— RECORDS PROVIDED —
• • • • •

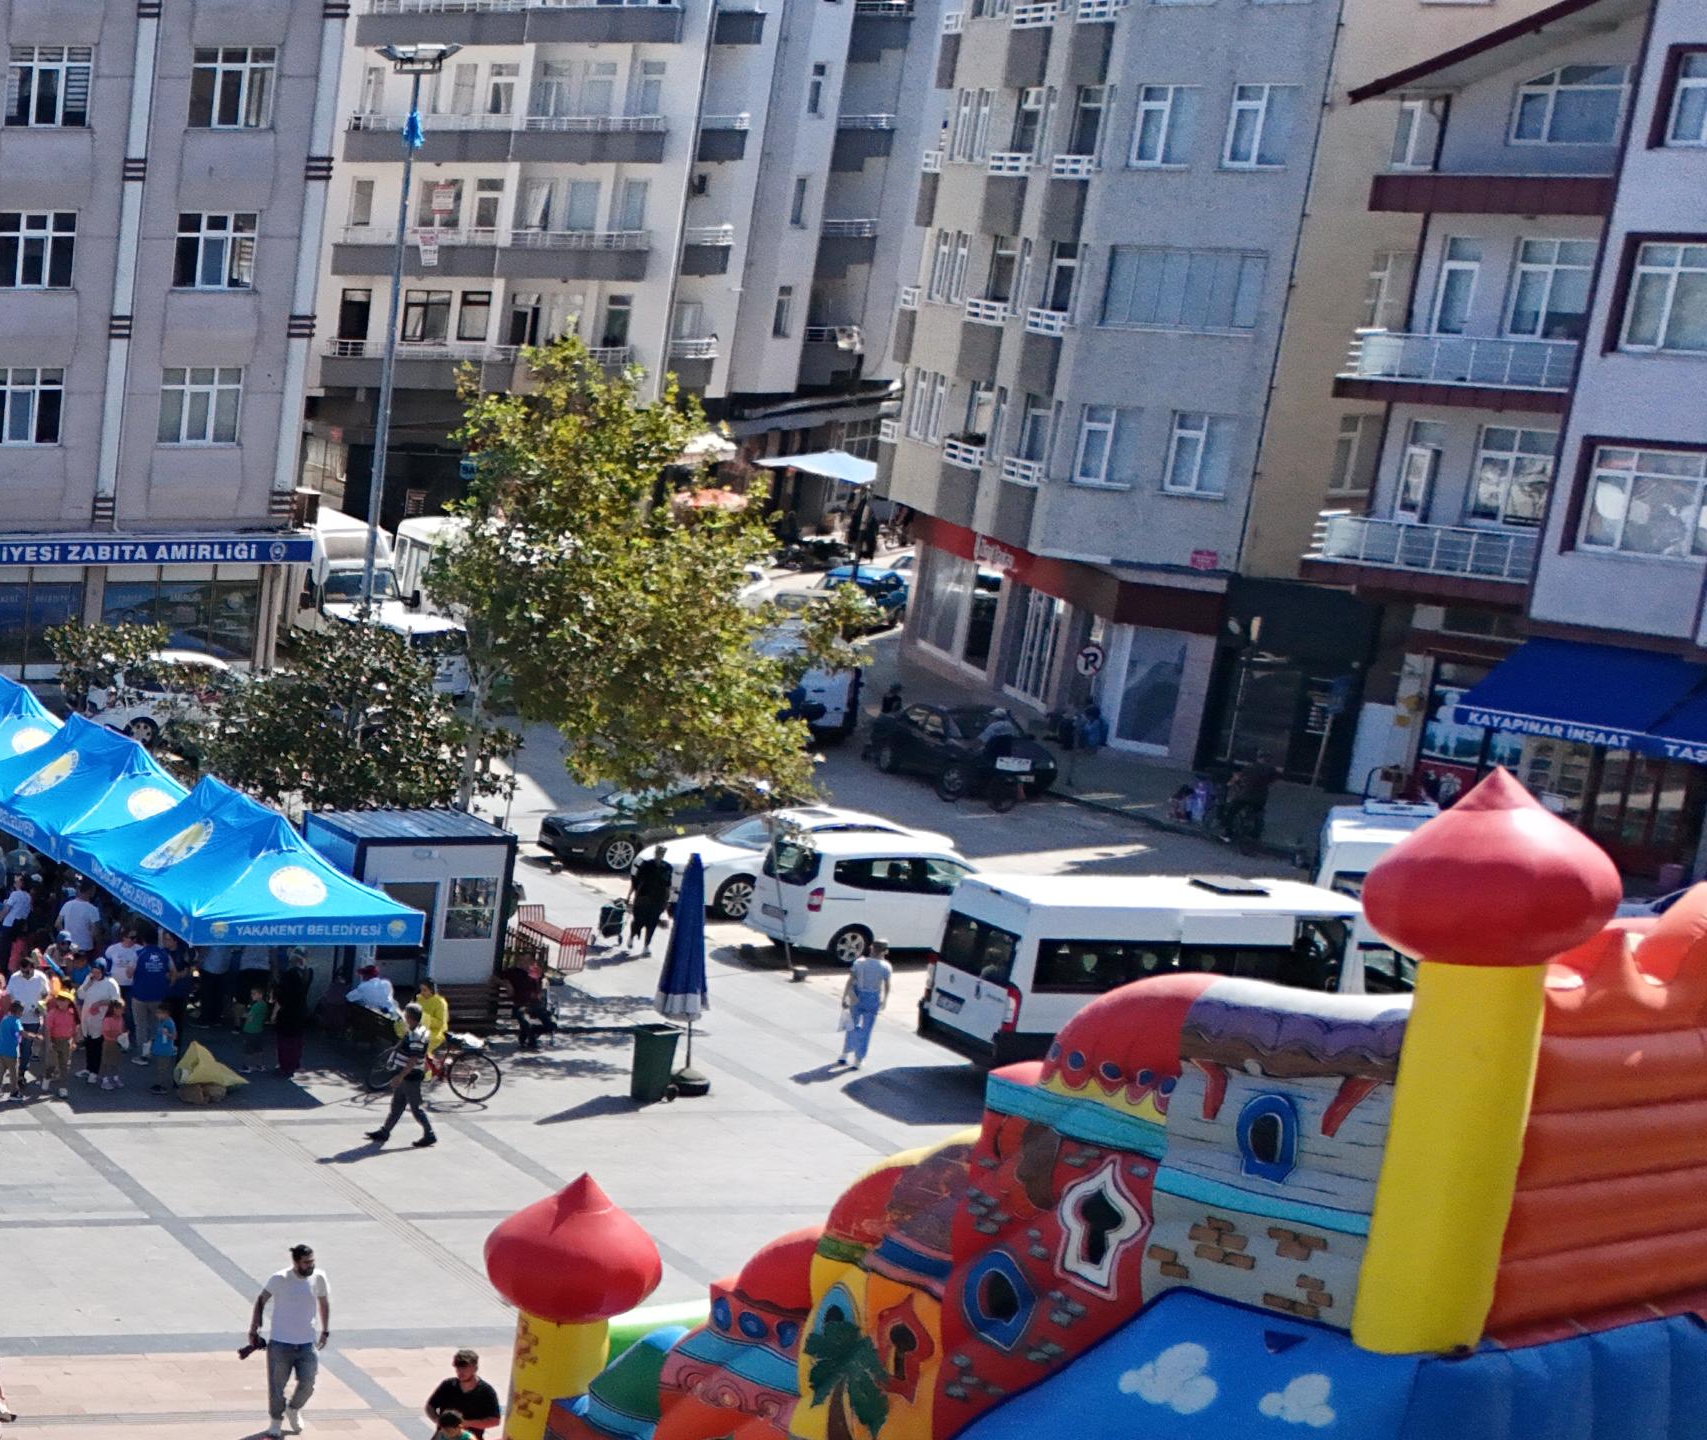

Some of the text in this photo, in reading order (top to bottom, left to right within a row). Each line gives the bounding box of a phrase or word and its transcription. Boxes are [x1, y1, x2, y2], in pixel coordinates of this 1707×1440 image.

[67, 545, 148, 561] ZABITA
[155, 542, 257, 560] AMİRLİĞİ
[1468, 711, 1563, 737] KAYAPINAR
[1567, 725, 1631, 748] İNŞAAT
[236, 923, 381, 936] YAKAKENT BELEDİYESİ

• • • • •

— YOUR OBJECTIVE —
Copy out all the records exactly, excluding pictures.

— ANSWER AREA —
Some of the text in this photo, in reading order (top to bottom, left to right within a row). Each line gives the bounding box of a phrase or word and its transcription. Boxes are [x1, y1, x2, y2], in pixel coordinates of this 1707×1440 image.

[67, 545, 148, 561] ZABITA
[155, 542, 257, 560] AMİRLİĞİ
[1468, 711, 1563, 737] KAYAPINAR
[1567, 725, 1631, 748] İNŞAAT
[236, 923, 381, 936] YAKAKENT BELEDİYESİ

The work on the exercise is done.